Here finally is the entire root trace, this time including the initial code before the loop that executes when the side trace branches back:
---- TRACE 3 mcode 236
0bcaf9d4 mov dword [0x416ac410], 0x3
0bcaf9df movsd xmm7, [rdx+0x20]
0bcaf9e4 cvttsd2si eax, xmm7
0bcaf9e8 xorps xmm6, xmm6
0bcaf9eb cvtsi2sd xmm6, eax
0bcaf9ef ucomisd xmm7, xmm6
0bcaf9f3 jnz 0x0bca0010 ->0
0bcaf9f9 jpe 0x0bca0010 ->0
0bcaf9ff cmp eax, 0x7ffffffe
0bcafa05 jg 0x0bca0010 ->0
0bcafa0b cvttsd2si ebx, [rdx+0x18]
0bcafa10 test ebx, 0x1
0bcafa16 jnz 0x0bca0014 ->1
0bcafa1c cmp dword [rdx+0x4], -0x0c
0bcafa20 jnz 0x0bca0018 ->2
0bcafa26 mov r8d, [rdx]
0bcafa29 cmp dword [r8+0x1c], +0x0f
0bcafa2e jnz 0x0bca0018 ->2
0bcafa34 mov esi, [r8+0x14]
0bcafa38 mov rdi, 0xfffffffb416b69e8
0bcafa42 cmp rdi, [rsi+0x140]
0bcafa49 jnz 0x0bca0018 ->2
0bcafa4f cmp dword [rsi+0x13c], -0x09
0bcafa56 jnz 0x0bca0018 ->2
0bcafa5c cmp dword [rdx+0x14], -0x0b
0bcafa60 jnz 0x0bca0018 ->2
0bcafa66 mov ecx, [rdx+0x10]
0bcafa69 cmp dword [rsi+0x138], 0x413fe7b0
0bcafa73 jnz 0x0bca0018 ->2
0bcafa79 movzx edx, word [rcx+0x6]
0bcafa7d cmp edx, 0x4f9
0bcafa83 jnz 0x0bca0018 ->2
0bcafa89 mov rbp, [rcx+0x8]
0bcafa8d add rbp, +0x01
0bcafa91 mov [rcx+0x8], rbp
0bcafa95 add ebx, +0x01
0bcafa98 cmp ebx, eax
0bcafa9a jg 0x0bca001c ->3
->LOOP:
0bcafaa0 test ebx, 0x1
0bcafaa6 jnz 0x0bca0024 ->5
0bcafaac add rbp, +0x01
0bcafab0 mov [rcx+0x8], rbp
0bcafab4 add ebx, +0x01
0bcafab7 cmp ebx, eax
0bcafab9 jle 0x0bcafaa0 ->LOOP
0bcafabb jmp 0x0bca0028 ->6
The trace executes an additional 38 instructions before entering the loop. This path will be taken on every second loop iteration, when the exit to the side trace is taken and it branches back to the top. That would seem to account for the rest of the instructions reported by perf
.
So...?
If I were a compiler expert then this is where I would explain why the code compiles in this way and provide interesting links to all the relevant research. But I am not. So all I can really state are my own personal observations.
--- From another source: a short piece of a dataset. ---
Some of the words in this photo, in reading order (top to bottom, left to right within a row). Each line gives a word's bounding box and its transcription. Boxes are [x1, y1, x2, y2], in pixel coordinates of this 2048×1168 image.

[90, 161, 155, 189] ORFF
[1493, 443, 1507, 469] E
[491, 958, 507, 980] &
- The trace structure seems to be significant. The first version was awesomely fast because it kept the CPU on the same trace for an extended period of time.
- Microbenchmarks can be very hard to interpret. How do you decide whether a particular programming construct -- for example the
counter.add(...)
module lookupg - is cheap or expensive? The answer seems very context dependent. - Good profiling tools and a strong mental model are probably critical to achieving predictably high performance.
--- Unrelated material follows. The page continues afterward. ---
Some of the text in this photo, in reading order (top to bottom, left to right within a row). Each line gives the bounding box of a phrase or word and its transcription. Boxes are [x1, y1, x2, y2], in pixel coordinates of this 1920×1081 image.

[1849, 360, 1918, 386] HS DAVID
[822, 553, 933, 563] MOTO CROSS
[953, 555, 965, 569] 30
- Now I understand the LuaJIT numerical computing optimization tip "Reduce unbiased branches. Heavily biased branches (>95% in one direction) are fine." If we were only executing the side trace on 1/20th of the iterations then the cost would not be a problem.
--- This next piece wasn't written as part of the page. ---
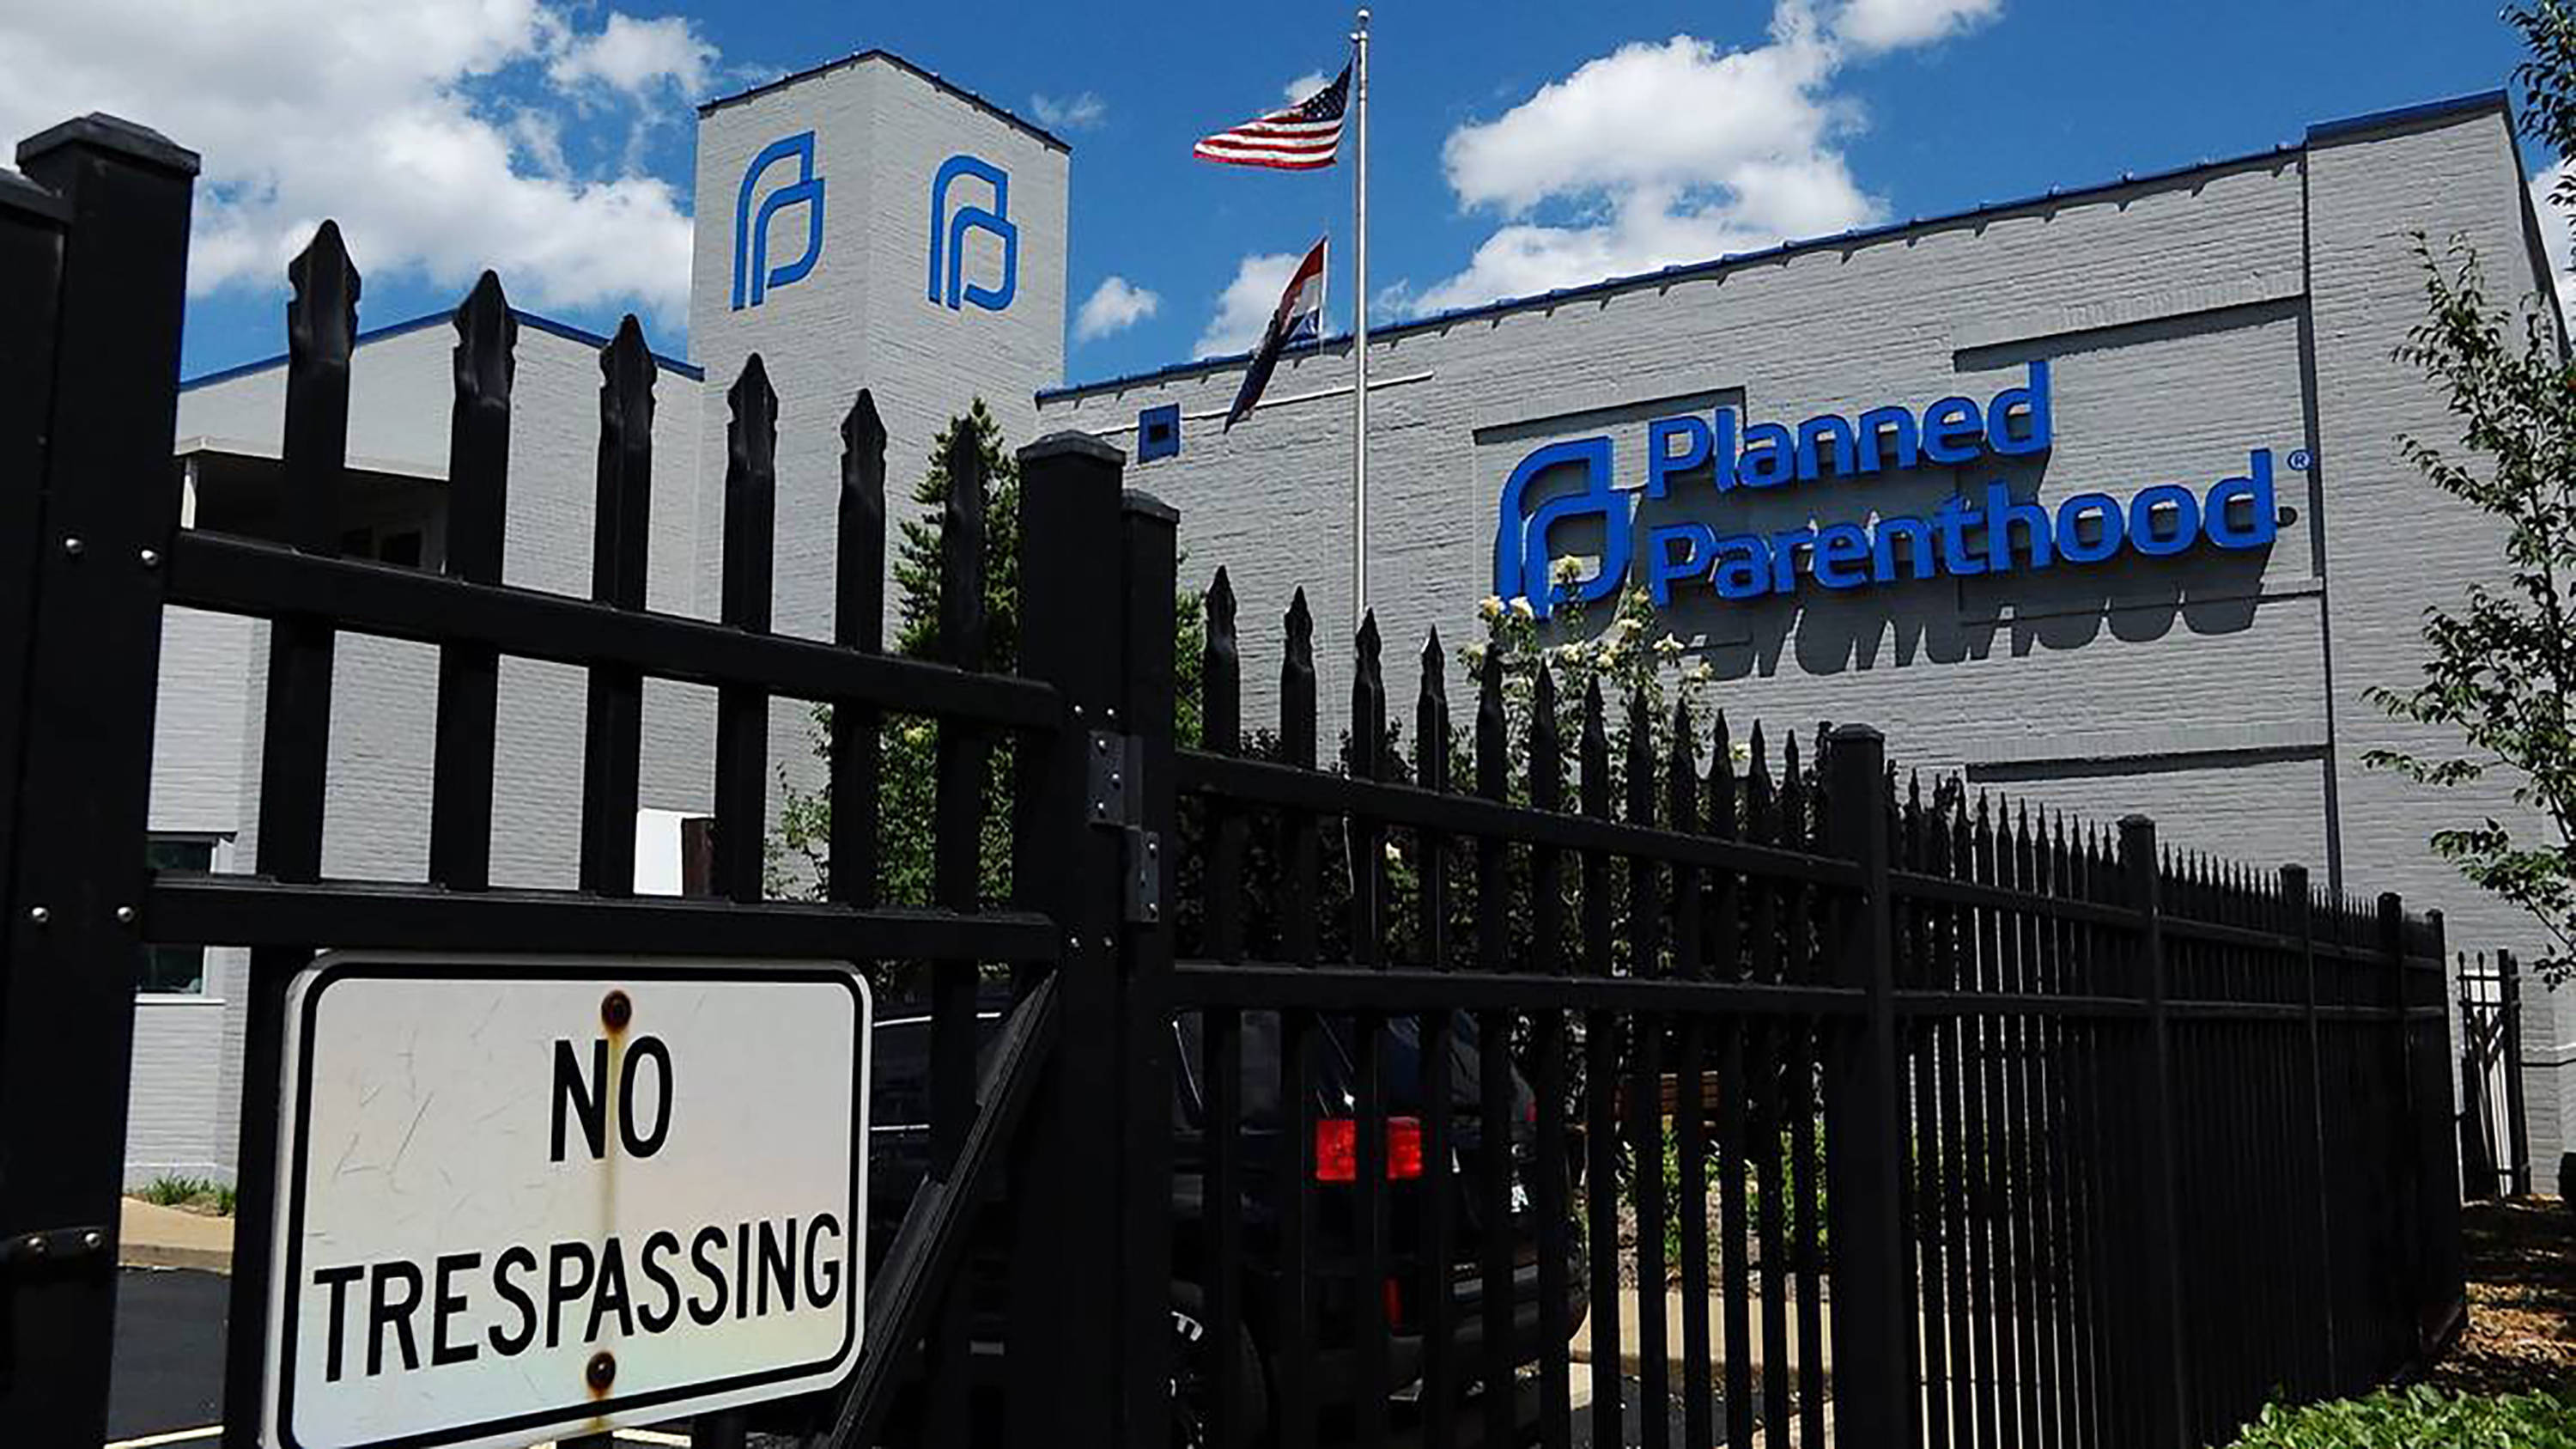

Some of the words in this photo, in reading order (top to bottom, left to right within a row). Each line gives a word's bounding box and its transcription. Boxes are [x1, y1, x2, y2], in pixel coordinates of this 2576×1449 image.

[1646, 359, 2054, 502] Planned
[1646, 447, 2278, 608] Parenthood
[550, 1036, 673, 1162] NO
[313, 1213, 841, 1383] TRESPASSING
I find this all very interesting. The issues are subtle and complex, but most languages and platforms are subtle and complex to optimize when you first start taking them seriously. I am happy to keep geeking out on these ideas.
Thanks
Thanks to Alex Gall and Andy Wingo for mentioning the issue of side-traces re-entering their parent traces at the root, so that I could recognise it when I saw it too.